Dataset content ▸
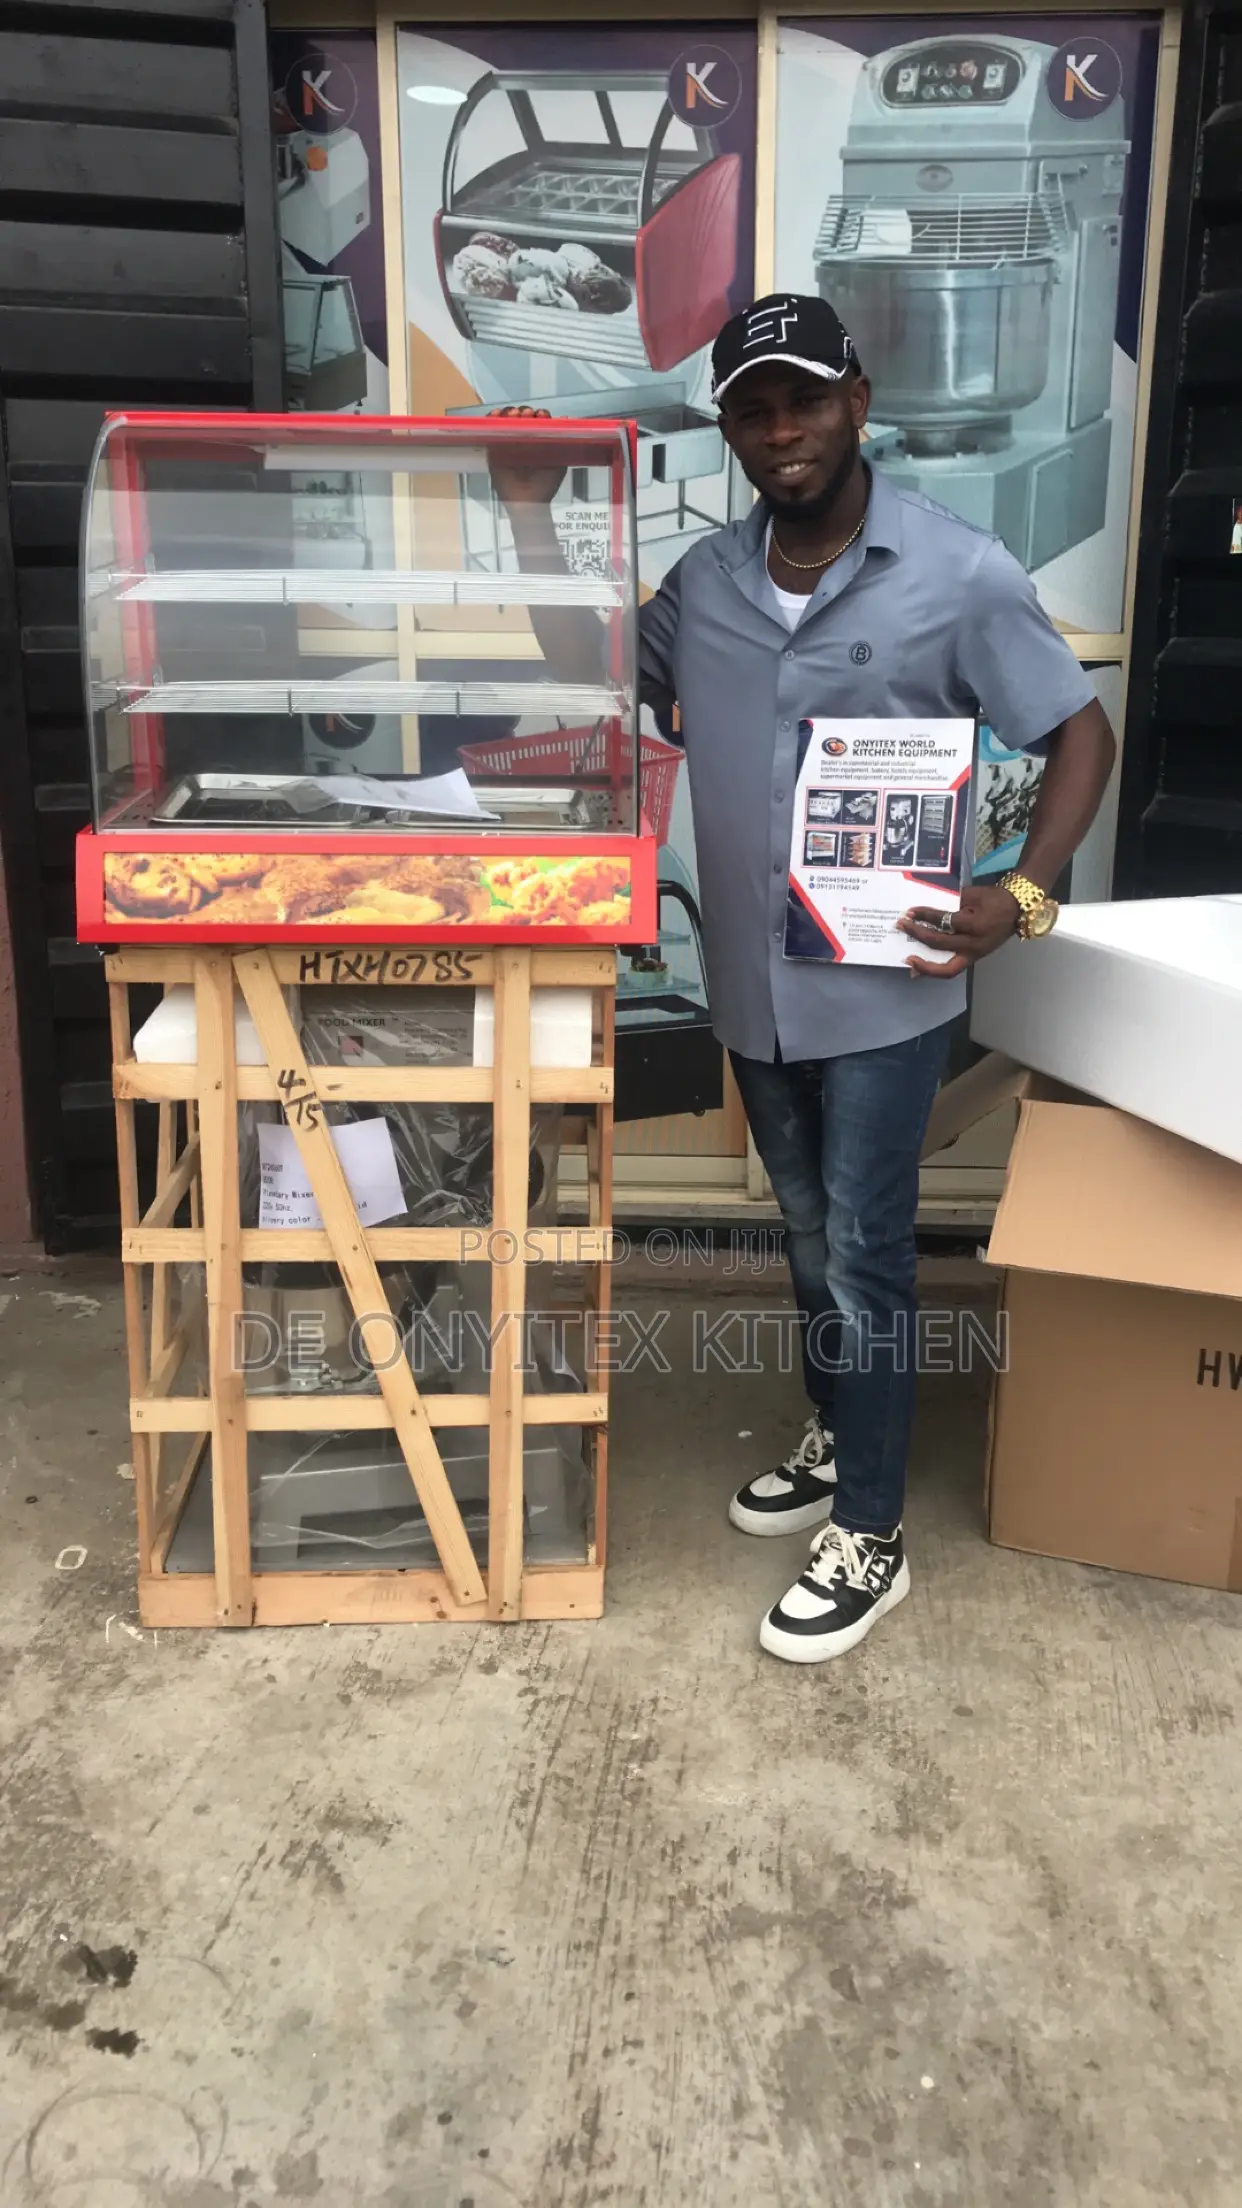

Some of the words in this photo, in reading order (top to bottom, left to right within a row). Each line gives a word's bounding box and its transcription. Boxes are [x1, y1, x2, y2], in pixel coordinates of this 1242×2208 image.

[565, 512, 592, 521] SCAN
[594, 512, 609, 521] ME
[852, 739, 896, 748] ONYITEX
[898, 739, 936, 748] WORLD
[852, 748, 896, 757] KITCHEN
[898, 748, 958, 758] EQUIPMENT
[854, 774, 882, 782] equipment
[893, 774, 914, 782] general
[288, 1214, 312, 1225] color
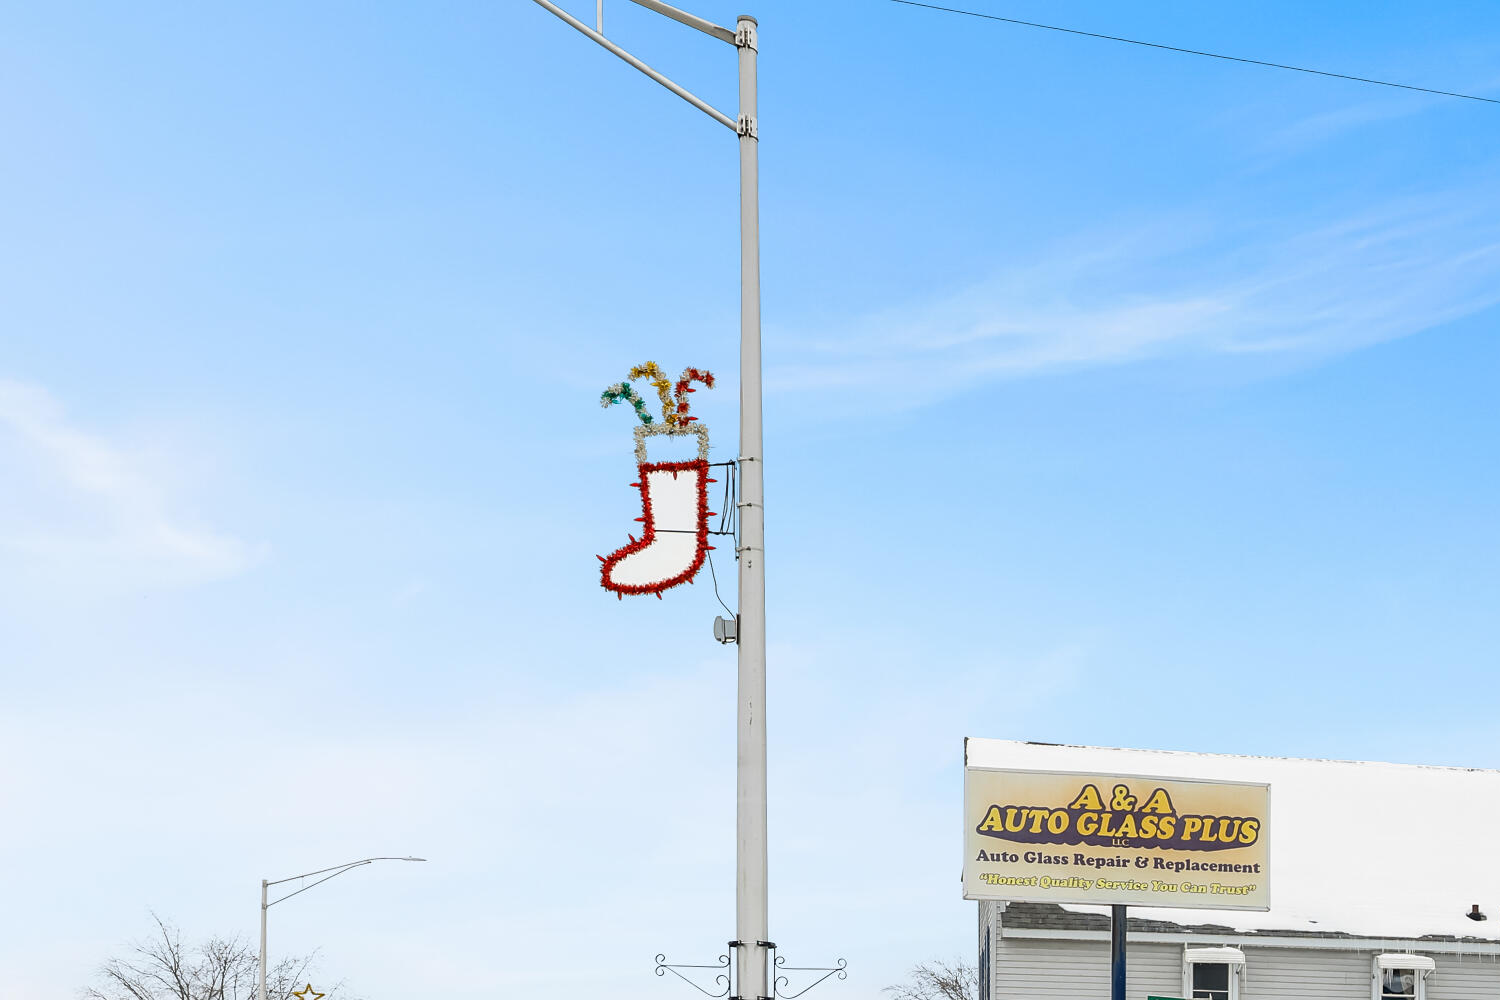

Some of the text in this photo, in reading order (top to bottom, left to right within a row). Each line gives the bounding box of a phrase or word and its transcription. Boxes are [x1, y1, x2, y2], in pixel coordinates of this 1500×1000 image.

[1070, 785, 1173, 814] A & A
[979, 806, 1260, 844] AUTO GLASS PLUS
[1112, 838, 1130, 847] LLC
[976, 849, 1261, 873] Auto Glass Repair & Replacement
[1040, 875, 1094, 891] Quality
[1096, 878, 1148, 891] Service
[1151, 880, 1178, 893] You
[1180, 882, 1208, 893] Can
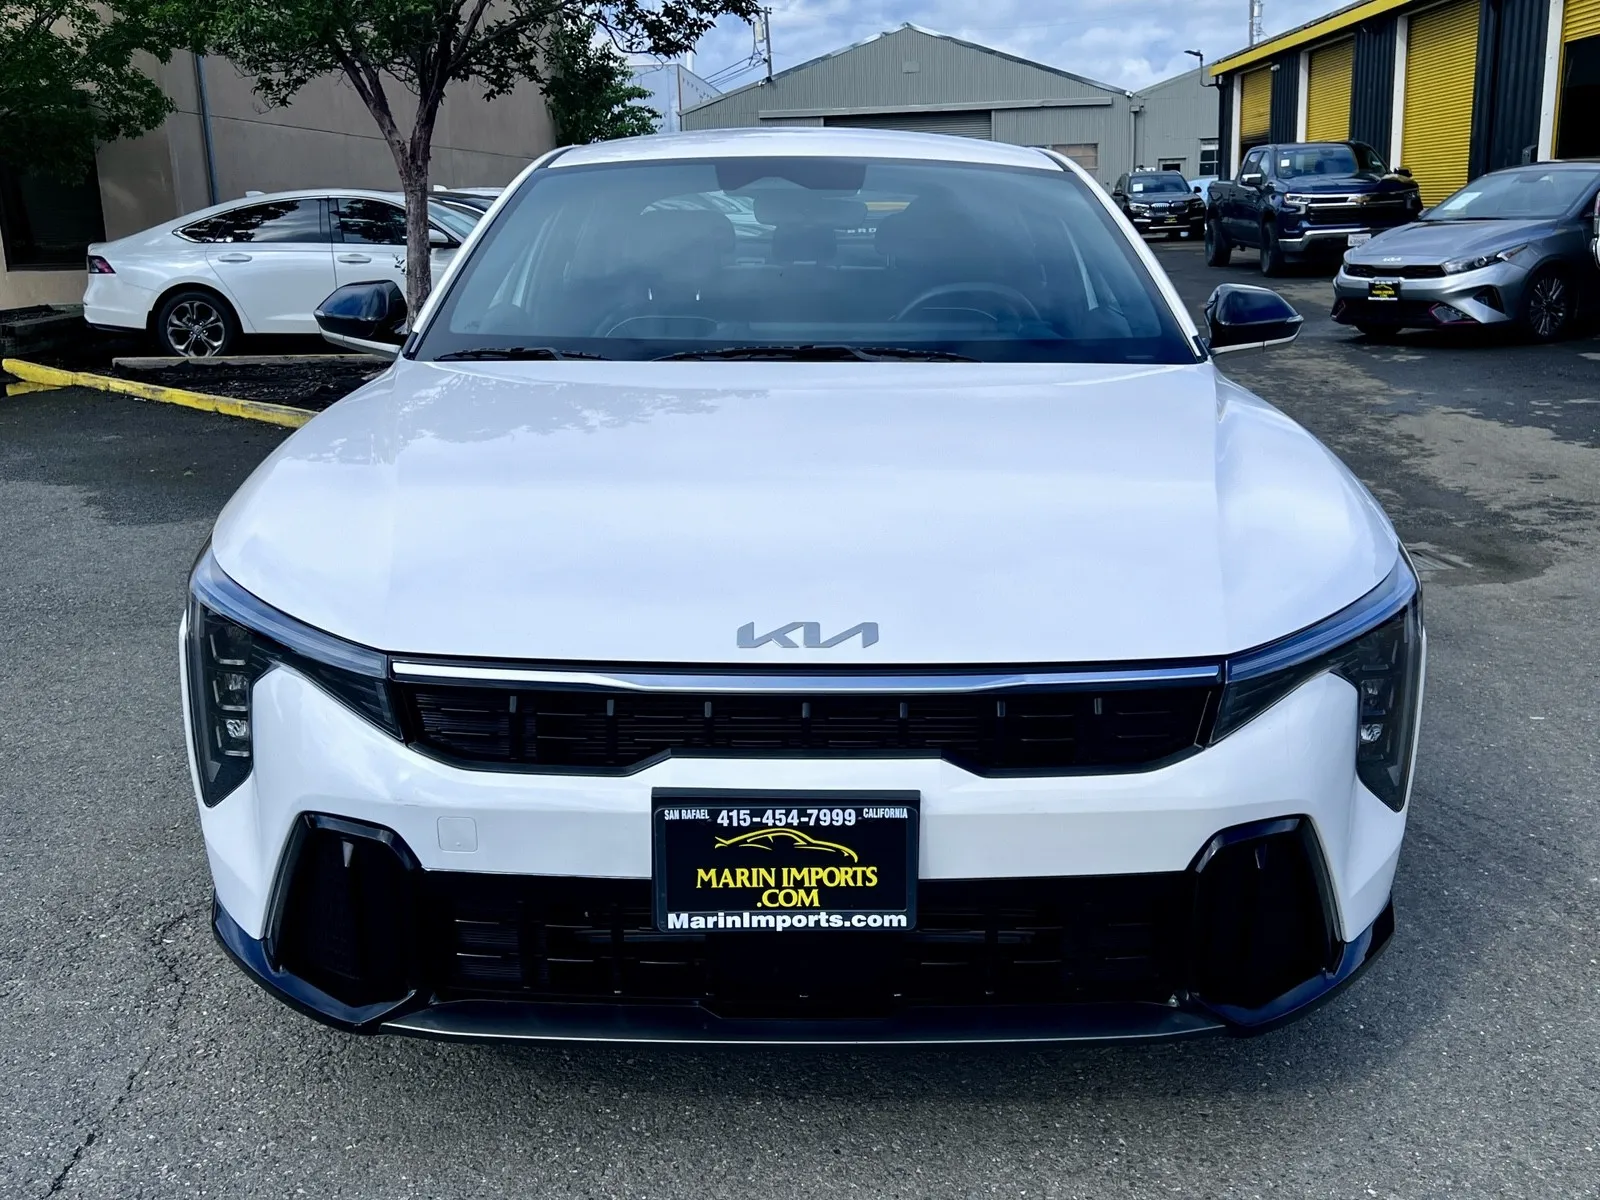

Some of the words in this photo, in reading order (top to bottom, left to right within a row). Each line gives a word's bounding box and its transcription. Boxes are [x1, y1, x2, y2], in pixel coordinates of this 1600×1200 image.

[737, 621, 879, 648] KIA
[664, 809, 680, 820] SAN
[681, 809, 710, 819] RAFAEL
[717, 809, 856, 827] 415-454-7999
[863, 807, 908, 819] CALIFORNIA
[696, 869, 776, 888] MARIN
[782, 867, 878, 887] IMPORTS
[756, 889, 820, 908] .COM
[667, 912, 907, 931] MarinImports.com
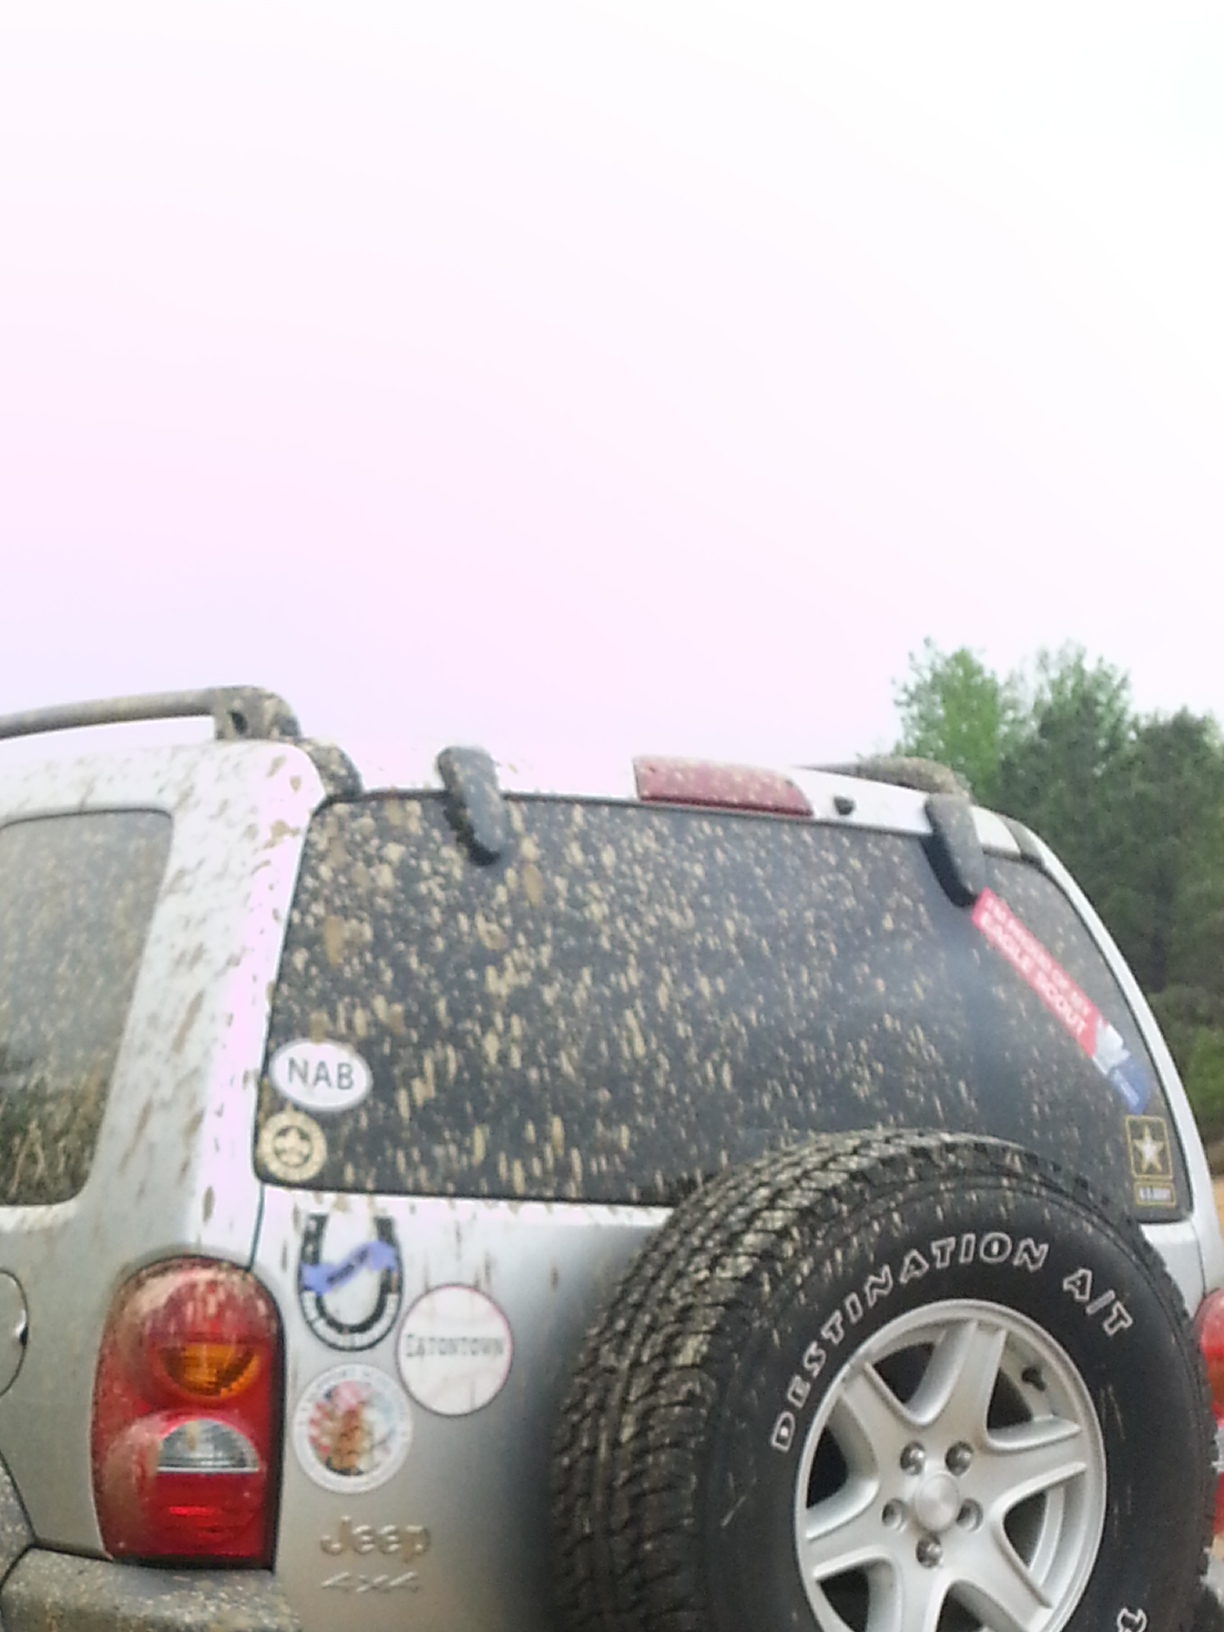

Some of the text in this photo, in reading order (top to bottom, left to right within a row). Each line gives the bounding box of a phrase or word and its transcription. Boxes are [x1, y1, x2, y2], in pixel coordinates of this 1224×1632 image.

What you are asked to do ▸
If an entry contains an image, please omit that image and print everything else verbatim.

Answer section ▸
Some of the words in this photo, in reading order (top to bottom, left to right within a row). Each line gives a word's bounding box and its transcription. Boxes are [x1, y1, x2, y2], in pixel coordinates of this 1242×2208 image.

[565, 512, 592, 521] SCAN
[594, 512, 609, 521] ME
[852, 739, 896, 748] ONYITEX
[898, 739, 936, 748] WORLD
[852, 748, 896, 757] KITCHEN
[898, 748, 958, 758] EQUIPMENT
[854, 774, 882, 782] equipment
[893, 774, 914, 782] general
[288, 1214, 312, 1225] color

Some of the text in this photo, in reading order (top to bottom, left to right within a row). Each line gives the bounding box of a phrase or word and its transcription. Boxes are [x1, y1, x2, y2], in pixel coordinates of this 1500×1000 image.

[1070, 785, 1173, 814] A & A
[979, 806, 1260, 844] AUTO GLASS PLUS
[1112, 838, 1130, 847] LLC
[976, 849, 1261, 873] Auto Glass Repair & Replacement
[1040, 875, 1094, 891] Quality
[1096, 878, 1148, 891] Service
[1151, 880, 1178, 893] You
[1180, 882, 1208, 893] Can

Some of the words in this photo, in reading order (top to bottom, left to right within a row). Each line gives a word's bounding box and its transcription. Boxes are [x1, y1, x2, y2], in pixel coordinates of this 1600×1200 image.

[737, 621, 879, 648] KIA
[664, 809, 680, 820] SAN
[681, 809, 710, 819] RAFAEL
[717, 809, 856, 827] 415-454-7999
[863, 807, 908, 819] CALIFORNIA
[696, 869, 776, 888] MARIN
[782, 867, 878, 887] IMPORTS
[756, 889, 820, 908] .COM
[667, 912, 907, 931] MarinImports.com

Some of the text in this photo, in reading order (top to bottom, left to right within a row). Each line gives the bounding box of a phrase or word and its transcription. Boxes are [x1, y1, x2, y2], in pixel coordinates of this 1224×1632 image.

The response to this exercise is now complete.